The statements of the anti-biotech activists are predictably disingenuous. The claim of long-time anti-biotech campaigner Jane Rissler that the USDA is "not required to do an ecological/biological implications review" is simply wrong. And the touting of "marker-assisted selection" for genetic improvement of plants – an old technique of limited usefulness – is another attempt by activists to disparage the superior technique of gene-splicing, which is more precise, predictable, and safe, as well as far more versatile than older methods.

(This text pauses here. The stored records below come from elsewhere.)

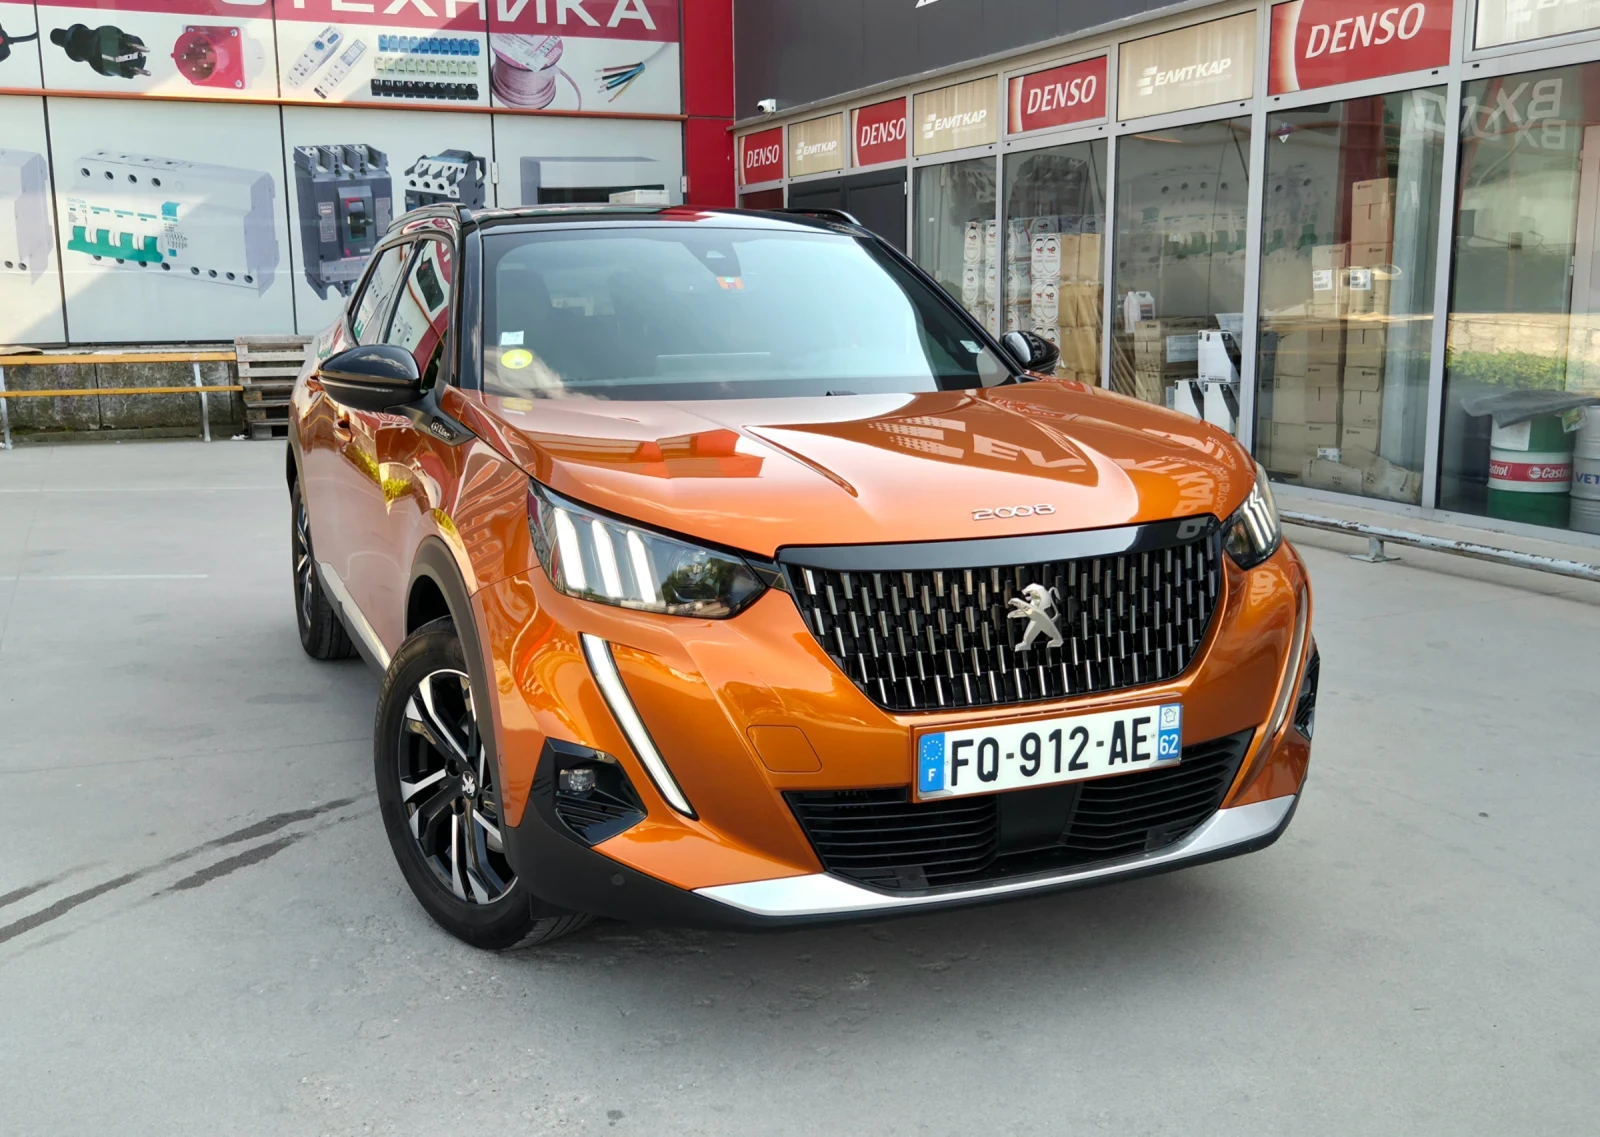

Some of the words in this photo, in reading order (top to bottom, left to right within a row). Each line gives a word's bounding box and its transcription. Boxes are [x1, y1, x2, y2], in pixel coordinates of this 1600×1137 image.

[1305, 2, 1425, 59] DENSO
[1026, 75, 1097, 115] DENSO
[860, 117, 906, 147] DENSO
[746, 144, 780, 169] DENSO
[971, 503, 1056, 521] 2008
[951, 716, 1151, 787] FQ-912-AE
[1159, 734, 1179, 756] 62
[928, 768, 936, 782] F

Carlson's assertion that "laws regulating biotechnology will need to keep up with the work of scientists" is baseless. Regulation is already far ahead of the science, in the sense that it is excessive and performed on every gene-spliced plant variety that is to be field-tested – in defiance of the broad and long-standing scientific consensus that gene-splicing is essentially an extension, or refinement, of less precise and predictable genetic techniques. (Conventional genetic modification, discussed below, is essentially exempt from regulation.) Speculations by activists about the need for more regulation are merely a ploy to obstruct progress.

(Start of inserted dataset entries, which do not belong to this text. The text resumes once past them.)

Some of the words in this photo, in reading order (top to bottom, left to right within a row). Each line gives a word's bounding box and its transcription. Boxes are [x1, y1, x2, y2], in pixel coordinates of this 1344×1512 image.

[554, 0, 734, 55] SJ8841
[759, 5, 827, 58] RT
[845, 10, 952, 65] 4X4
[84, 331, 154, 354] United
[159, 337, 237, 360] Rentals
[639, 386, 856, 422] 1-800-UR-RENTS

Carlson lacks perspective on the recent history of the genetic improvement of plants. If she had bothered to consult some experts, she would have discovered that a long-standing scientific consensus holds that gene-splicing is an extension, or refinement, of less precise, less predictable genetic techniques. One such older technique, in use since the 1950s, is induced-mutation breeding, which involves exposing seeds or cells to ionizing radiation or toxic chemicals to induce random, desirable genetic mutations. Thousands of mutation-bred crop varieties have been commercialized in North America and Europe, and since the 1930s plant breeders have performed "wide cross" hybridizations in which large numbers of "alien" genes are moved from one species or one genus to another to create plant varieties that cannot and do not exist in nature. Common commercial varieties derived from wide crosses include tomato, potato, oat, rice, wheat, and corn, among others.

Using these pre-gene-splicing technologies, plant breeders and food producers lack knowledge of the exact genetic changes that produce the desirable traits; and more important, they have no idea what other changes have occurred concomitantly in the plant, including those that could raise levels of toxins or alter the ability to cause allergic reactions. Greater precision is what makes gene-splicing superior.

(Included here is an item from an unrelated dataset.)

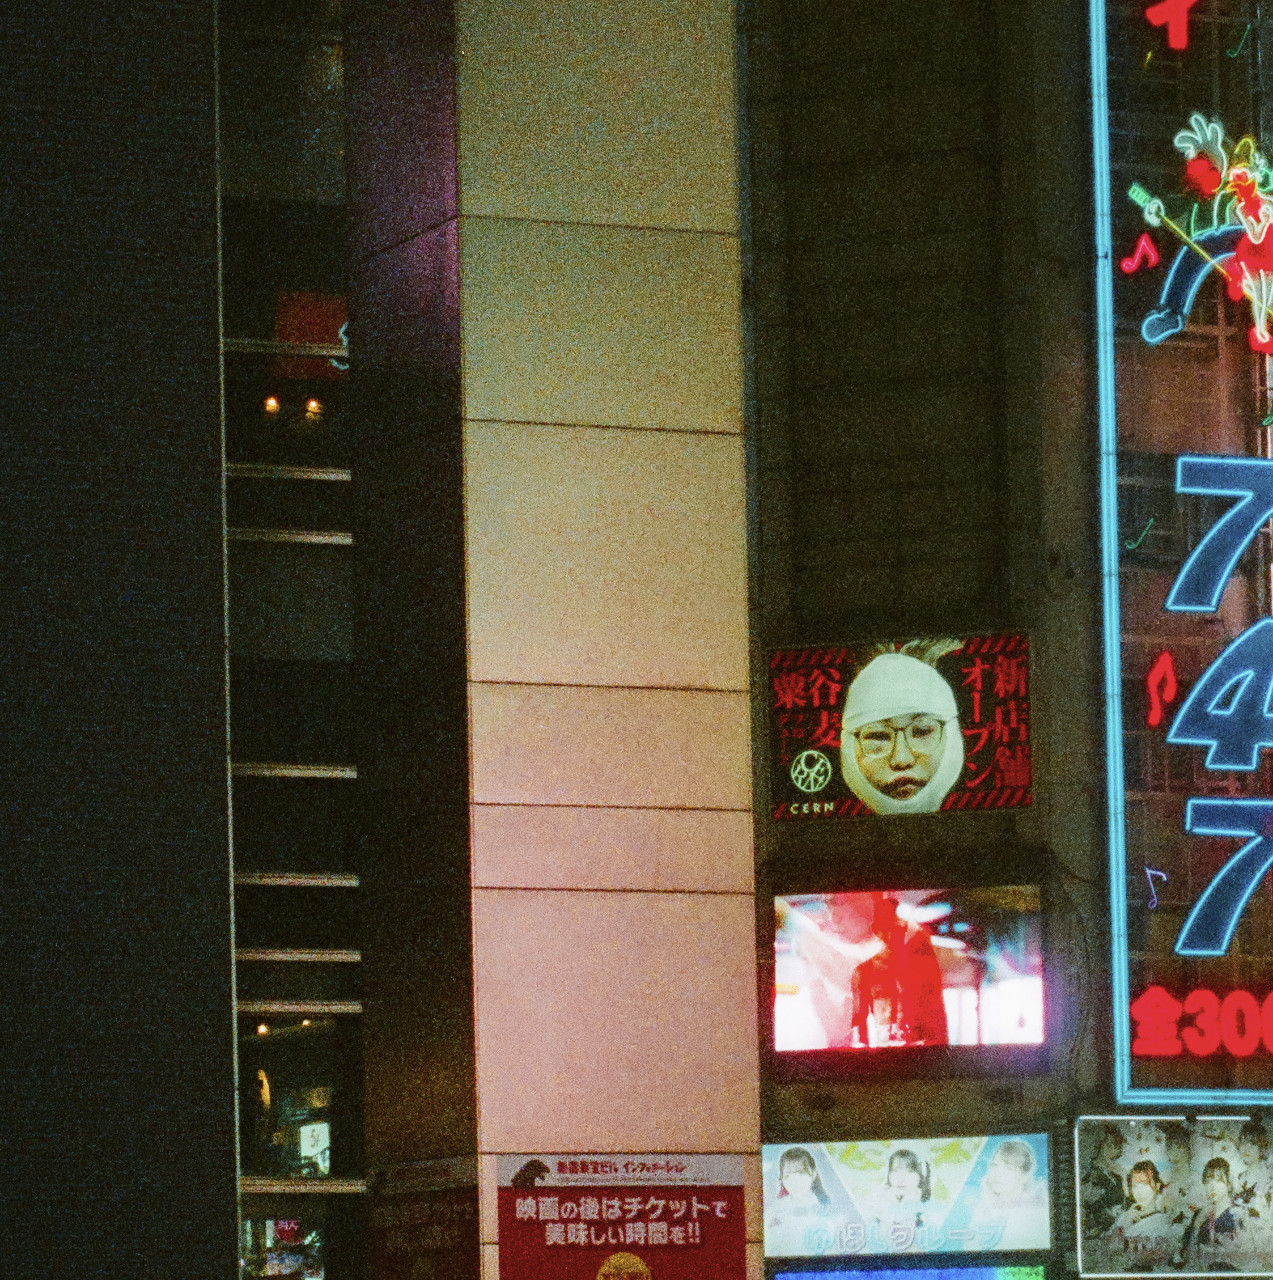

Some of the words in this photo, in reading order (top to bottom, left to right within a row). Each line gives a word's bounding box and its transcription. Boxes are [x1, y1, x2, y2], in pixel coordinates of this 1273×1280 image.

Finally, Carlson is incorrect in stating that the commercialization of drought-resistant crops is "far away," or that "it is too early to predict what regulatory trials will be required." Their development is advanced, many are already in field testing, and their evaluation is, in fact, quite straightforward and not very different from the thousands of gene-spliced plant varieties with myriad new traits that have been reviewed and approved by regulators.

Whatever the motivation for activists' opposition to gene-spliced plants – abetted by Carlson's journalistic transgressions – it is cynical and destructive. Commercialized gene-spliced plants have been of monumental importance – not only to farmers' bottom line, but also to occupational health and the natural environment. Enhanced pest resistance in plants has obviated the need for hundreds of millions of pounds of chemical pesticides (and thereby reduced environmental and occupational exposures), and herbicide tolerance has made possible a shift to more benign herbicides and to environment-friendly, no-till farming.

Enhanced drought-resistance in commercial crops will be an extraordinary advance. Fresh water is in increasingly short supply in much of the world. Irrigation for agriculture accounts for roughly 70 percent of the world's fresh-water consumption – even more in areas of intensive farming and arid or semi-arid conditions – so the introduction of plants that grow with less water would allow much of that essential resource to be freed up for other uses. Especially during drought conditions – which currently plague much of Europe, Africa, Australia, and the United States – even a small percentage reduction in the use of water for irrigation could result in huge benefits, both economic and humanitarian.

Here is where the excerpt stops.